Keeping Kids Safe Online

The New Wild West

The world wide web is a good thing, mostly. We can connect with long-distance family, order all of our Christmas gifts at the last minute with two-day guaranteed shipping, look up our medical symptoms to see if we've got some rare disease or the common cold, get our kids math tutoring for free, and so much more. Convenience with a click. The convenient factor isn't limited to the good parts, though.

My 15-year-old son is fortunate to have a school with a Cyber Patriot program that teaches participating students cyber security. This is his second year participating, and his school's teams are pretty competitive in the national competition. While I've taught myself a few HTML coding tricks, my teenage sons can run circles around me. This is the world in which we live--one where our kids are running full speed ahead of us. 

In the Cyber Patriot program my son is learning about the dangers in the cyber world. He recently told me, "Mom, the internet is the darkest corner of society." He's right. The internet gives people a false mask. Hiding behind the screen seems to provide criminals anonymity, an extra layer of protection against accountability. It's the perfect setting for criminal activity.

It's interesting that, as parents, we make our kids wear helmets, knee pads, and elbow guards to ride their bikes down the street, but then we give them electronic devices without any guards and release them into the Wild West Web, isn't it? Whether we see the danger or not, it's real. So, below are some tips, tools, and resources we can use to protect and arm our kids against online crime.

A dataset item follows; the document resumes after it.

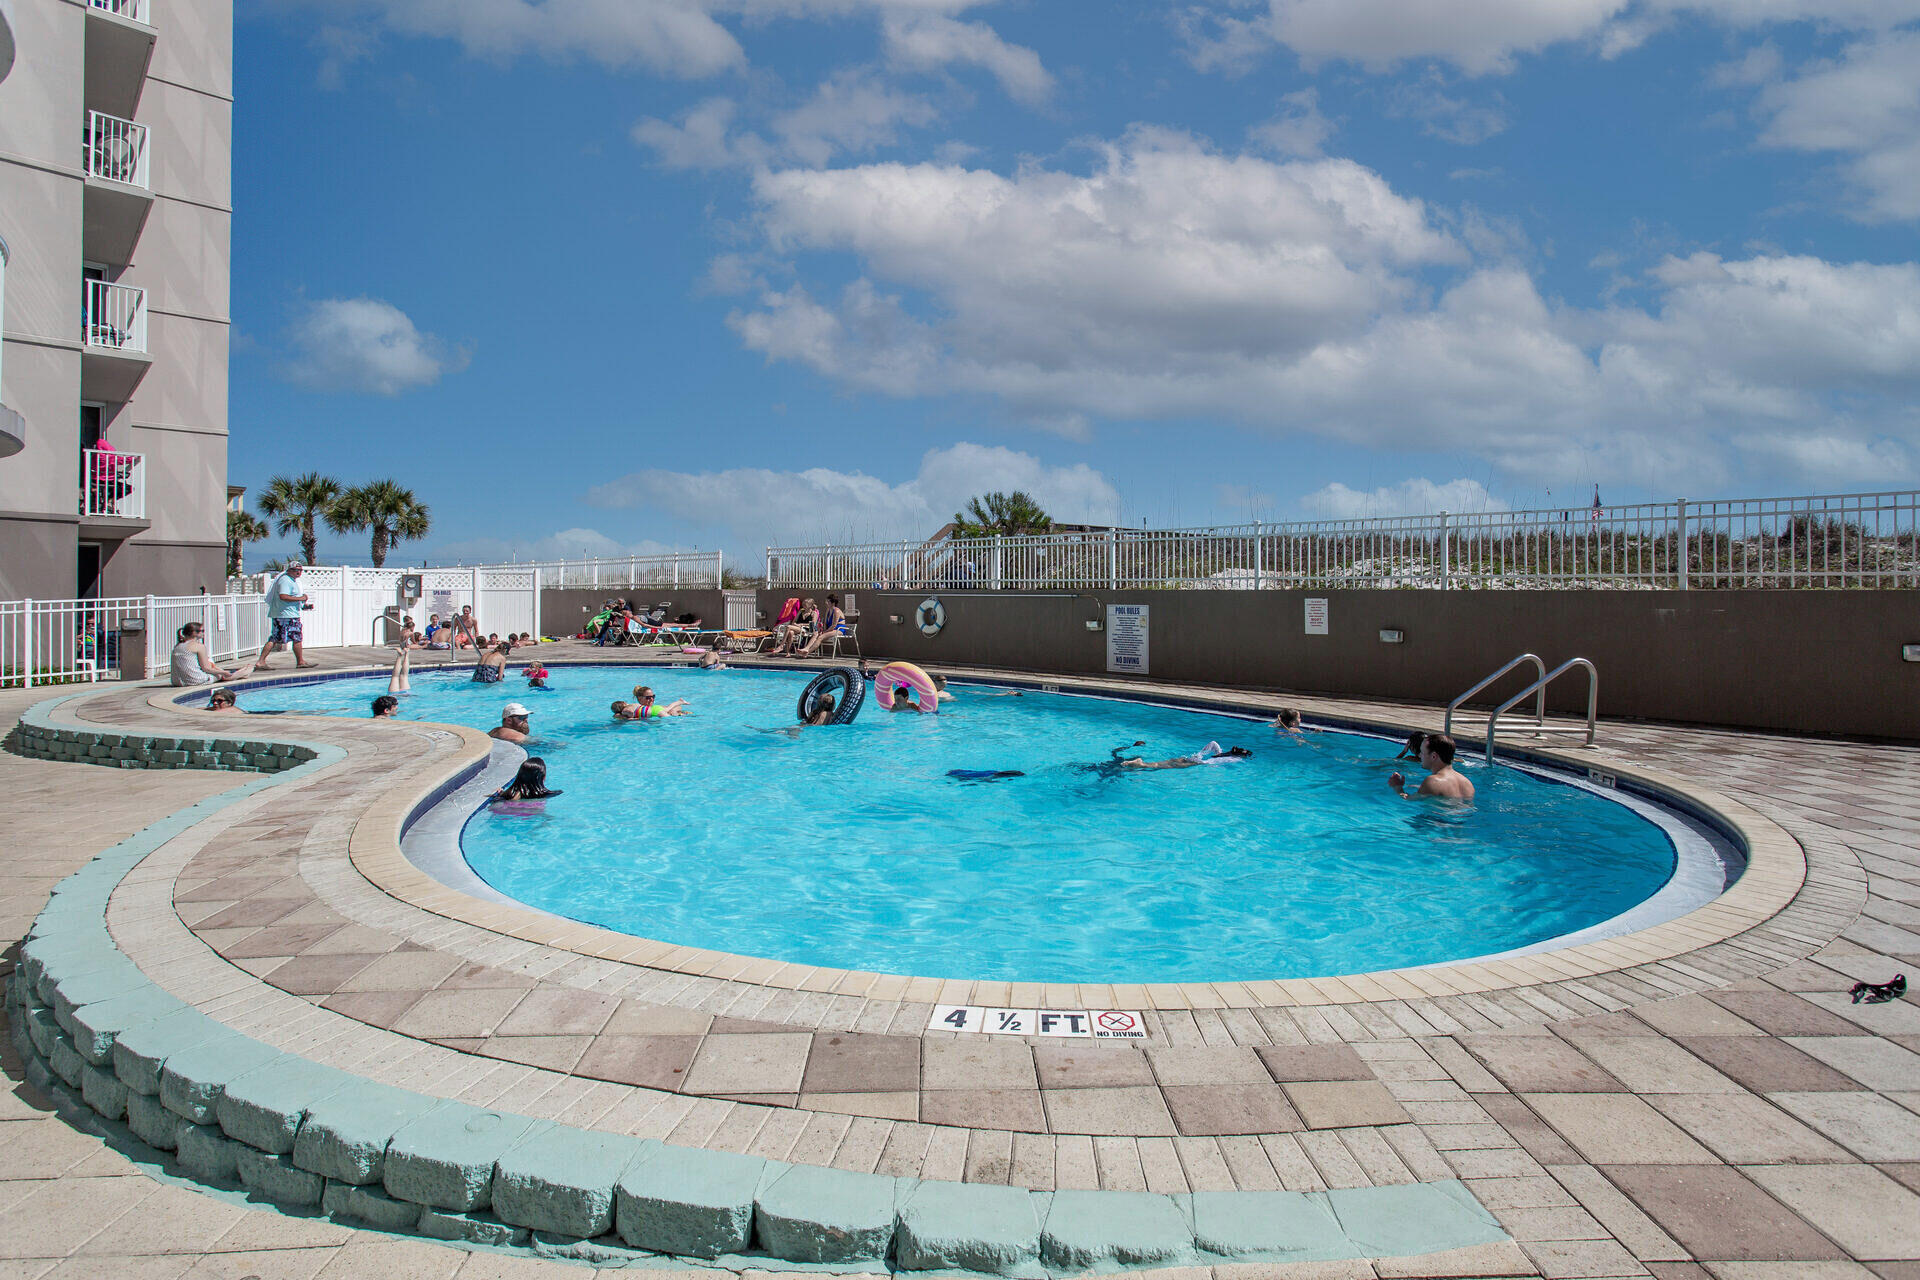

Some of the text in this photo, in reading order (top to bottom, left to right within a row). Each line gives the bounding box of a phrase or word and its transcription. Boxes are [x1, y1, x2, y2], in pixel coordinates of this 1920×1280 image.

[1115, 606, 1140, 615] POOL RULES
[1115, 656, 1140, 665] NO DIVING
[944, 1009, 967, 1027] 4
[1041, 1013, 1087, 1033] FT.

Internet Crimes Against Children - The Statistics


The United States Department of Justice conducted a survey in 2001 (you can find the original publication here), and while the information is now 15 years old, the results of that survey are sobering.
  • One in 5 youth received a sexual approach or solicitation over the Internet that year. 
  • One in 33 youth received an aggressive sexual solicitation that year. This means a predator asked a young person to meet somewhere, called a young person on the phone, and/or sent the young person correspondence, money, or gifts through the U.S. Postal Service. 
  • One in 4 youth had an unwanted exposure to pictures of naked people or people having sex. 
  • One in 17 youth was threatened or harassed over the course of the year.
  • Most young people who reported these incidents were not very disturbed about them, but a few found them distressing. 
  • Only a fraction of all episodes was reported to authorities such as the police, an Internet service provider, or a hotline. 
  • About 25 percent of the youth who encountered a sexual approach or solicitation told a parent. 
  • Almost 40 percent of those reporting an unwanted exposure to sexual material told a parent. 
  • Only 17 percent of youth and 11 percent of parents could name a specific authority, such as the Federal Bureau of Investigation (FBI), CyberTipline, or an Internet service provider, to which they could report an Internet crime, although more indicated they were vaguely aware of such authorities. 
  • In households with home Internet access, one-third of parents said they had filtering or blocking software on their computers.




Did you gift your kids new electronics for the holidays? Visit Common Sense Media and read "The Essential Apps Guide" to learn about apps that can keep your kids' electronics safe.


Teach your kids about safe civil use of the web by checking out Connect Safely. You'll find links on use of Snapchat and other Social Media sites, guides to help your kids filter through fake online news, guides to teach your kids about data privacy, and much, much more.